Fionnán Sheahan
👤 SpeakerAppearances Over Time
Podcast Appearances
I am convinced I've read two books in the last couple of years which comprehensively argue that.
But to move to your question, how he was boxing off the ropes, more or less from the start.
He was elected in November 1979.
It was a backbench coup.
They were tired of Jack Lynch, even though 18 months earlier he had delivered a huge landslide.
They just felt the party and the country had become atrophied.
From very early on, Charlie was, as I say, in a corner fighting for survival.
He was quite brilliant at it, a lot of people would say.
Even more sympathetic biographers such as T. Royal Dwyer would argue, well, he was very good at boxing off the ropes, but why should he always be in that position?

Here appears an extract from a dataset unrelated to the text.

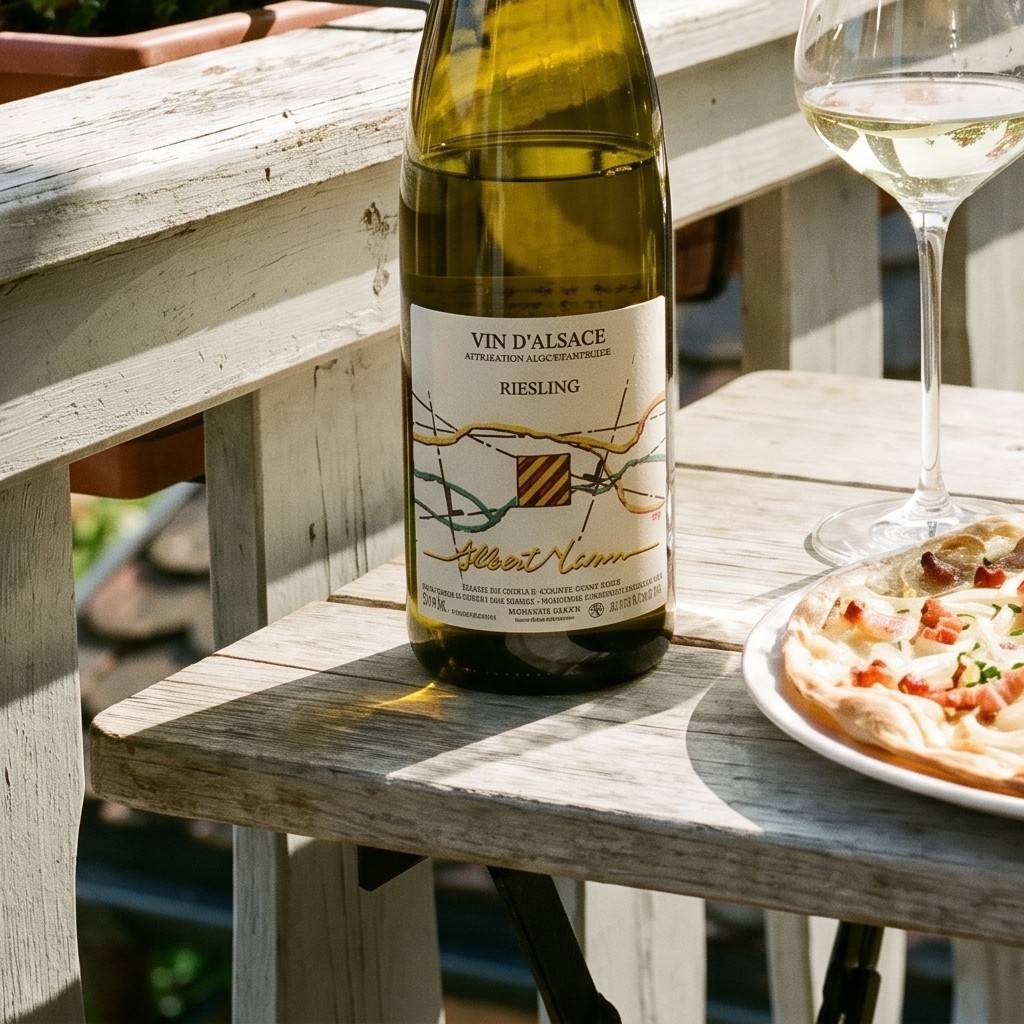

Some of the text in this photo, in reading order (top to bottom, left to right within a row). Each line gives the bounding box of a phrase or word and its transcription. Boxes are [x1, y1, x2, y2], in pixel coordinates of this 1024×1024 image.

[471, 328, 606, 350] VIN D'ALSACE
[500, 379, 580, 395] RIESLING

He hadn't the confidence of a significant number of people in Fianna Fáil from very early on.
There were continual mutterings about his probity and his integrity.
Was he compromised?
Was he too close to business?
Was he basically taking bungs, to be quite frank?
And it took an awfully long time.
It was gone from office before finally it emerged.
I remember being in Brussels of an evening when the first murmurings of Charlie is going to be named as in allegations of financial impropriety.
And I remember a very senior civil servant saying to me, that is complete rubbish.
They couldn't catch him up to now.
They're not going to catch him now.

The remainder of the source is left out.